___ RECORDS SHOWN ___
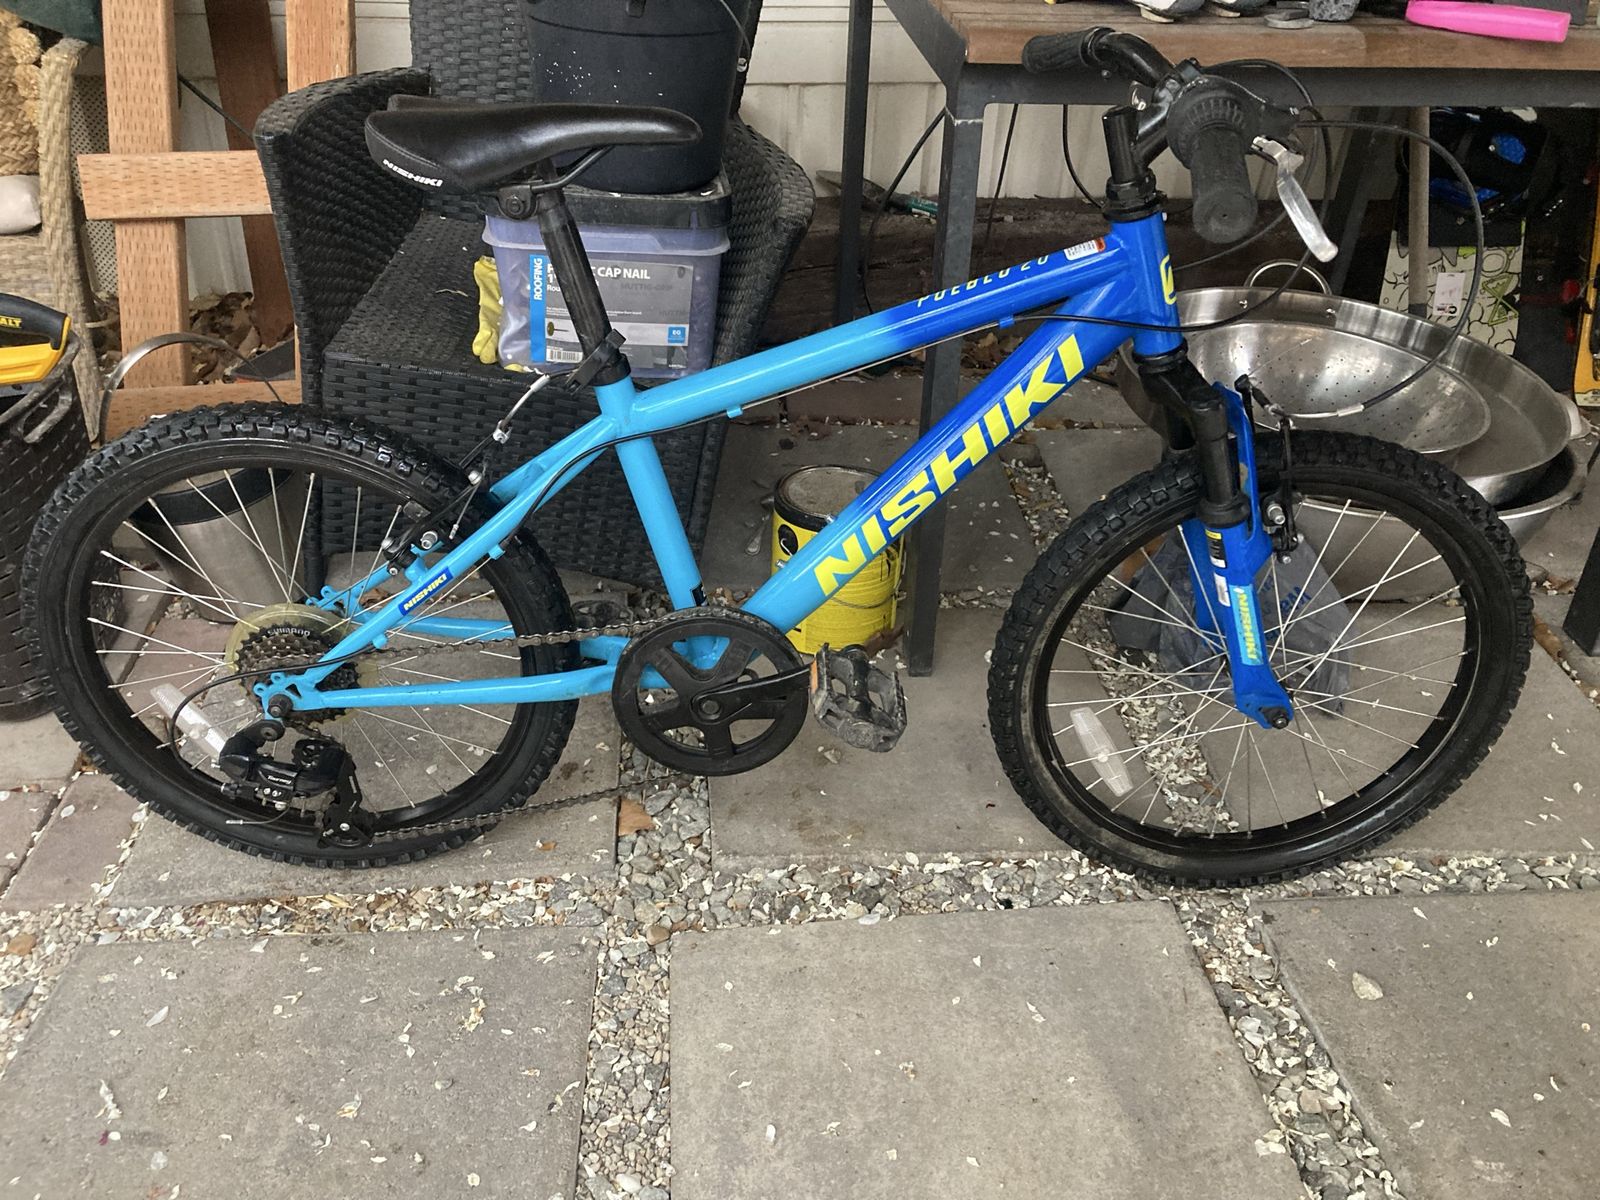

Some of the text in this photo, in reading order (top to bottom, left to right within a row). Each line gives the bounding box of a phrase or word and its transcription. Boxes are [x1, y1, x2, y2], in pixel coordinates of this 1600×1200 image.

[383, 159, 443, 187] NISHIKI
[533, 258, 543, 301] ROOFING
[597, 266, 622, 278] CAP
[623, 267, 651, 280] NAIL
[814, 333, 1085, 597] NISHIKI
[403, 573, 447, 611] NISHIKI
[1237, 593, 1258, 660] NISHIKI
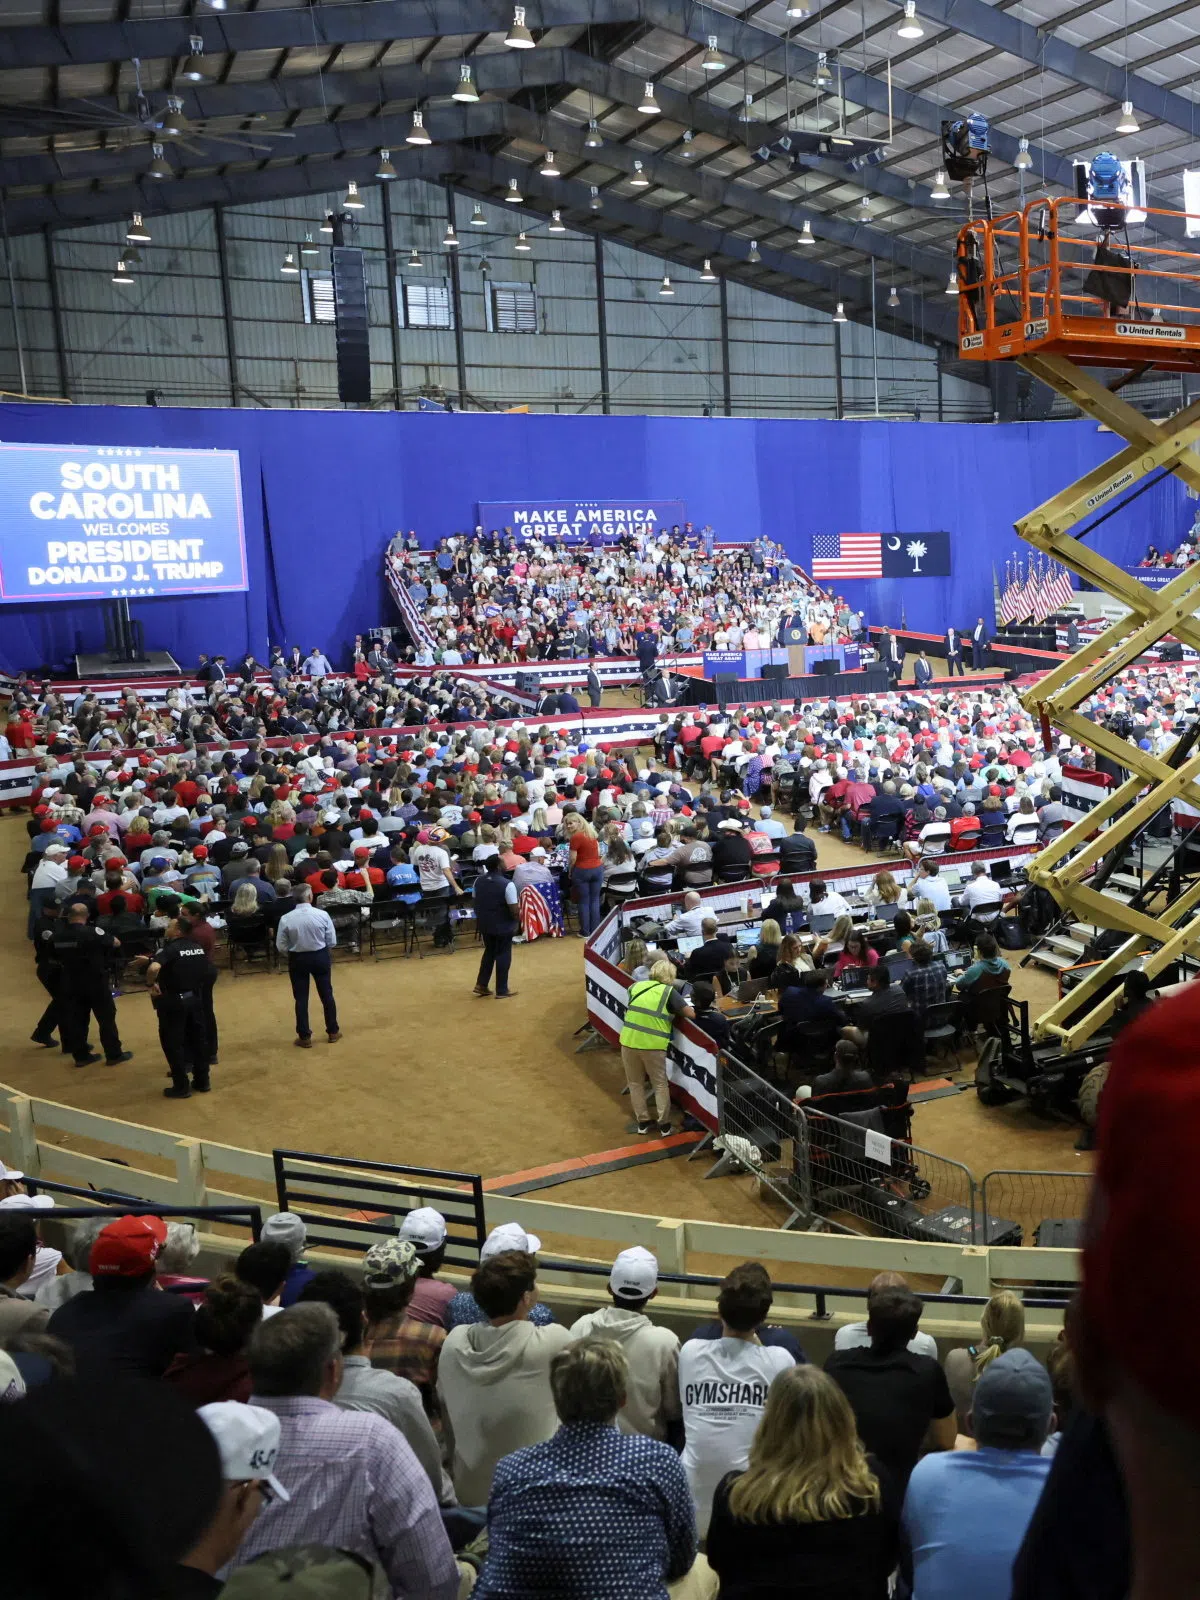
___
▶ **WHAT IS BEING ASKED**:
Skip the images and restate each record above word for word.

▶ **WRITTEN ANSWER**:
Some of the text in this photo, in reading order (top to bottom, left to right within a row). Each line gives the bounding box of a phrase or word and its transcription. Boxes are [x1, y1, x2, y2], in pixel coordinates of this 1600×1200 image.

[383, 159, 443, 187] NISHIKI
[533, 258, 543, 301] ROOFING
[597, 266, 622, 278] CAP
[623, 267, 651, 280] NAIL
[814, 333, 1085, 597] NISHIKI
[403, 573, 447, 611] NISHIKI
[1237, 593, 1258, 660] NISHIKI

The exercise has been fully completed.